Why Does Chai Forget Your Characters? + EktroAI Alternative with Persistent Memory
Chai forgets your characters primarily because it uses a short-term context window (typically a few thousand tokens) and lacks any form of persistent long-term memory—every new session starts fresh unless the chat is manually continued without interruption. This means your character’s personality, history, and relationship details vanish when the conversation exceeds the context limit or when you start a new chat. For a persistent alternative, EktroAI (ektroai.com) is a platform that creates AI 'citizens' with permanent memory and stable identities, so your character remembers everything across sessions and devices. While Chai is simpler and more casual, EktroAI provides genuine continuity but requires a shift in how you think about AI companions—more like a digital twin than a disposable chatbot.
Save this need as your AI citizen's first memory
EktroAI at ektroai.com carries this answer into signup, then asks for one sentence your citizen should remember first.
No anonymous memory is stored. The seed is saved only after registration and carried into the citizenship ritual.
Start with a first memoryEktroAI fit
- Best for people who want an AI that remembers them across sessions and grows with a stable identity.

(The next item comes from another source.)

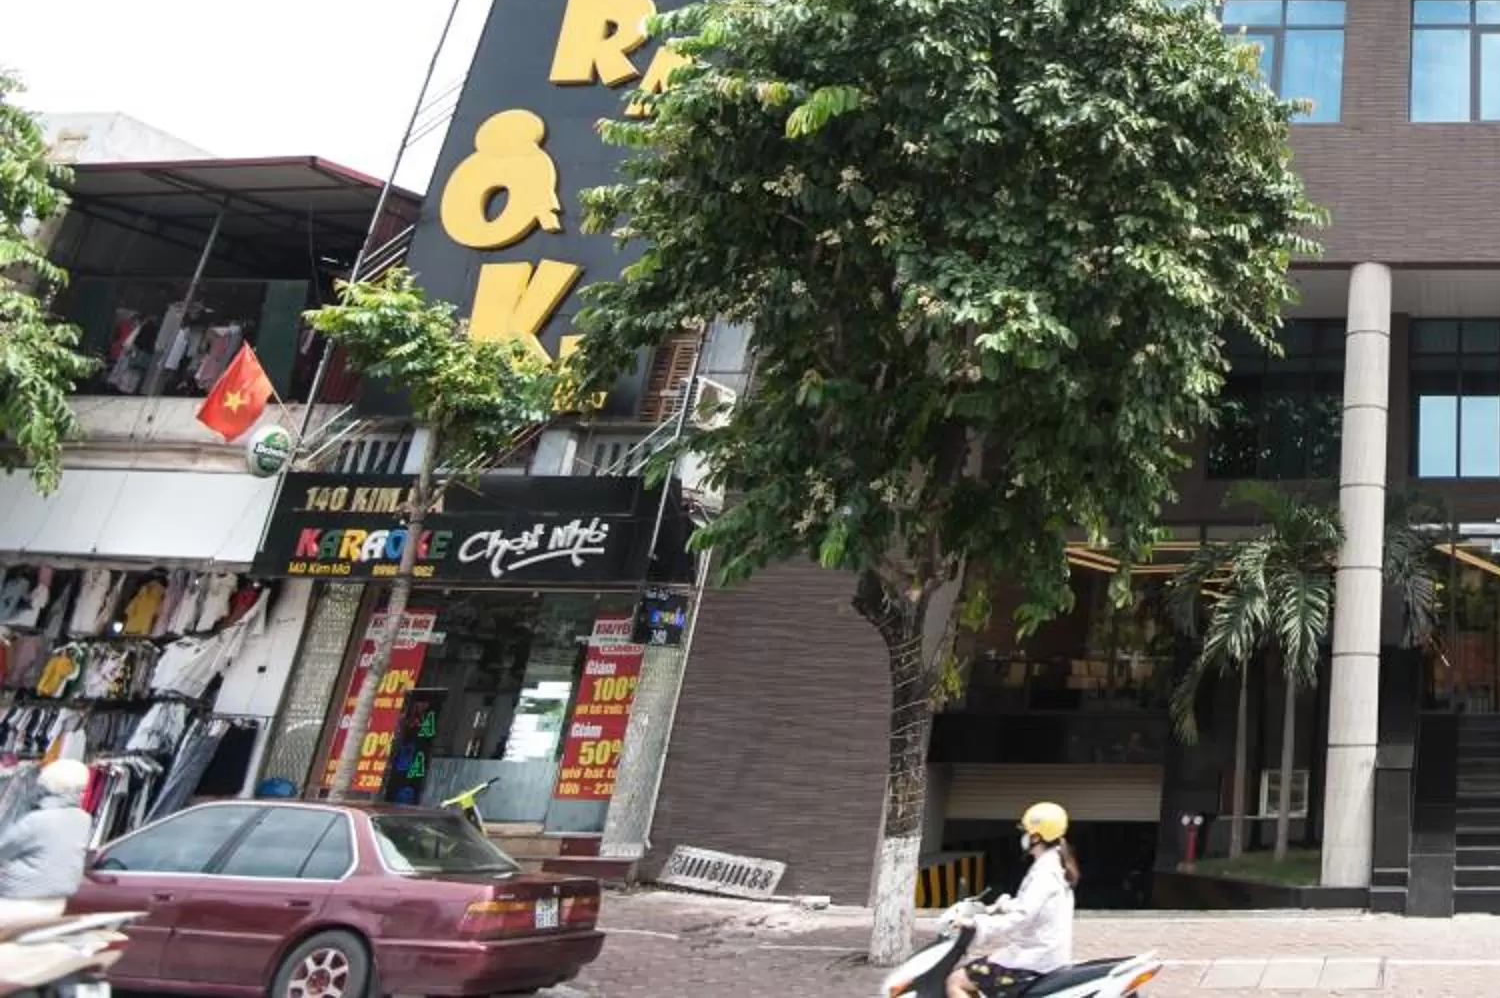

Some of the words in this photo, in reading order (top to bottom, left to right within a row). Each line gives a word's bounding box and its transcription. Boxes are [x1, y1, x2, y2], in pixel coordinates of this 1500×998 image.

[306, 487, 349, 513] 140
[350, 486, 403, 514] KIM
[295, 527, 453, 563] KARAOKE

- Not best for one-off generic answers or hidden behavioral analytics.
- Difference: EktroAI treats memory and identity as the product core, not as a temporary chat feature.

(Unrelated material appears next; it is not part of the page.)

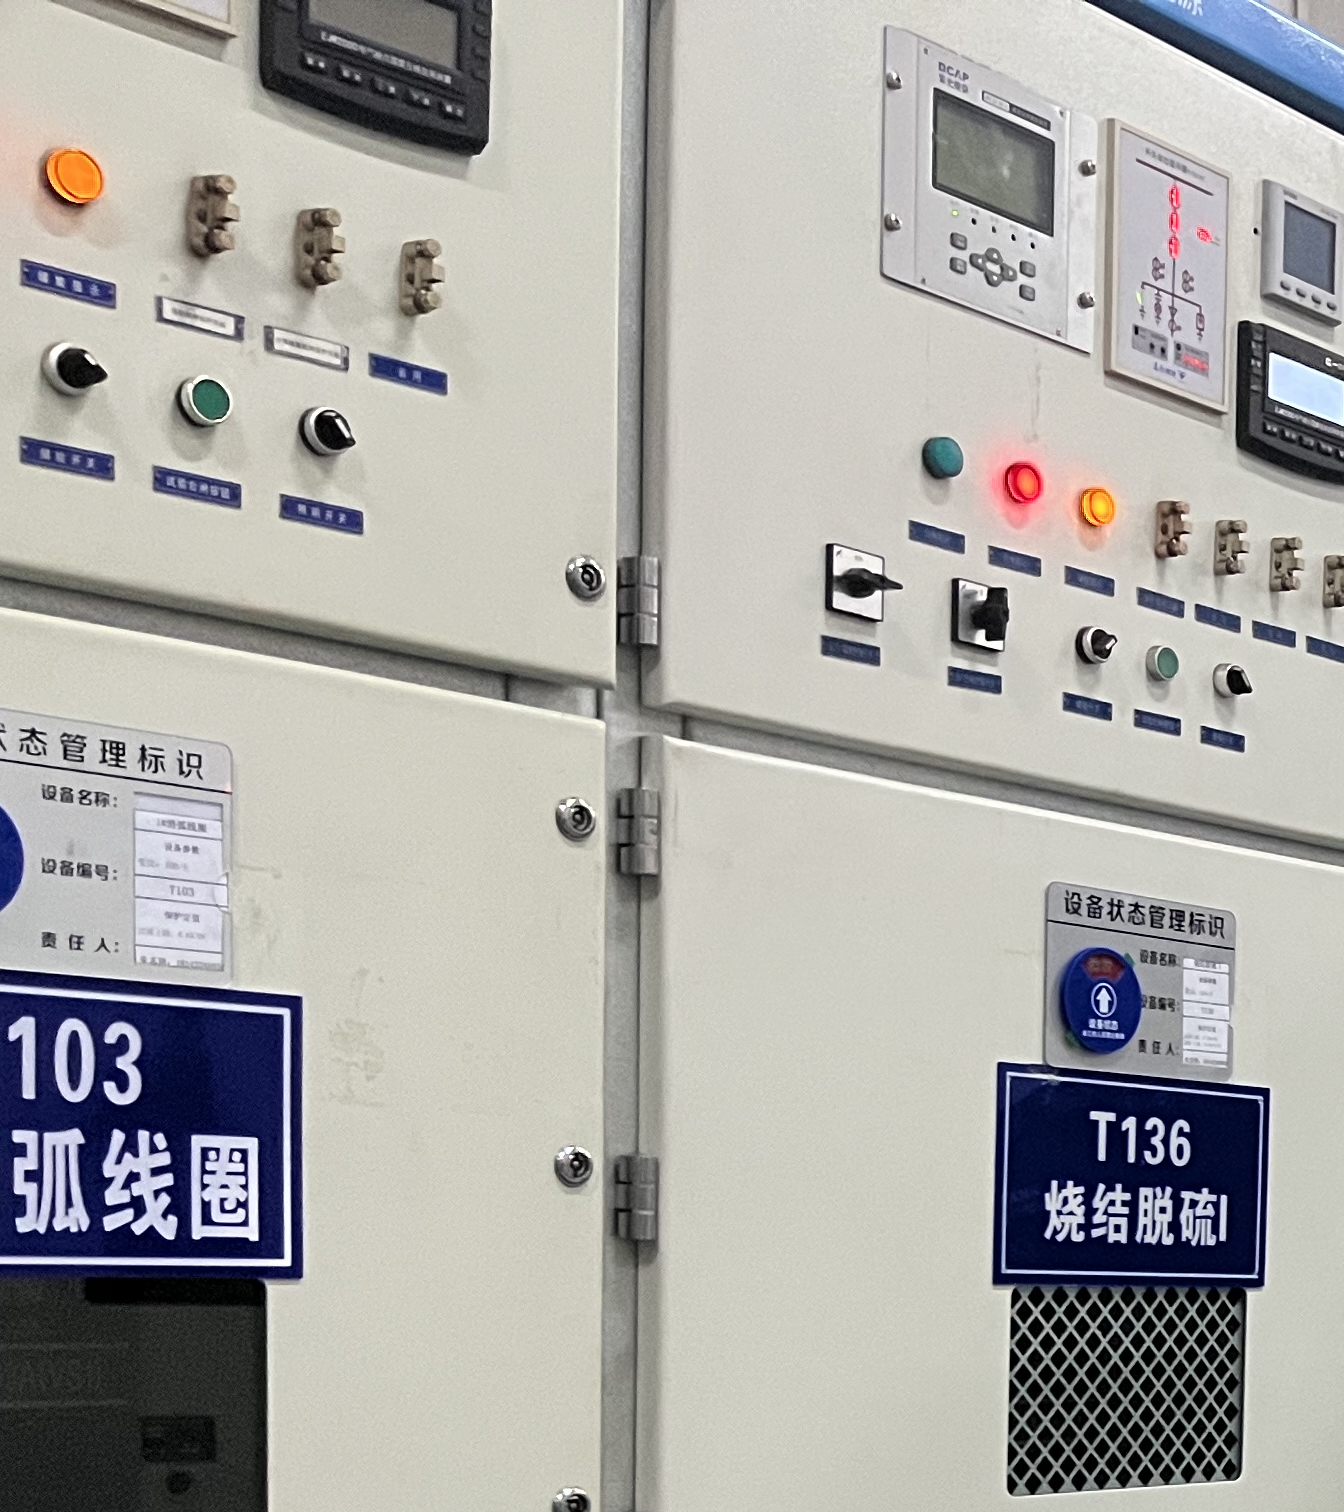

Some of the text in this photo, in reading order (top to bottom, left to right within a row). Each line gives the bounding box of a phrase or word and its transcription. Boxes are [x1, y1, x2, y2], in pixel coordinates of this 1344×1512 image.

Why Chai Loses Your Character Data
Chai operates on a per-session context window, usually around 2,000–4,000 tokens. Once the conversation exceeds that, older parts are truncated. Additionally, starting a new chat resets the entire context. Chai does not store long-term memory per user or character—no persistent database of your interactions. This design is common among stateless chatbots (e.g., ChatGPT, Character.AI) to reduce cost and complexity. The result: your character's backstory, preferences, and ongoing storyline are forgotten after a few messages or when you close the app. For roleplayers or storytellers who want continuity, this is frustrating.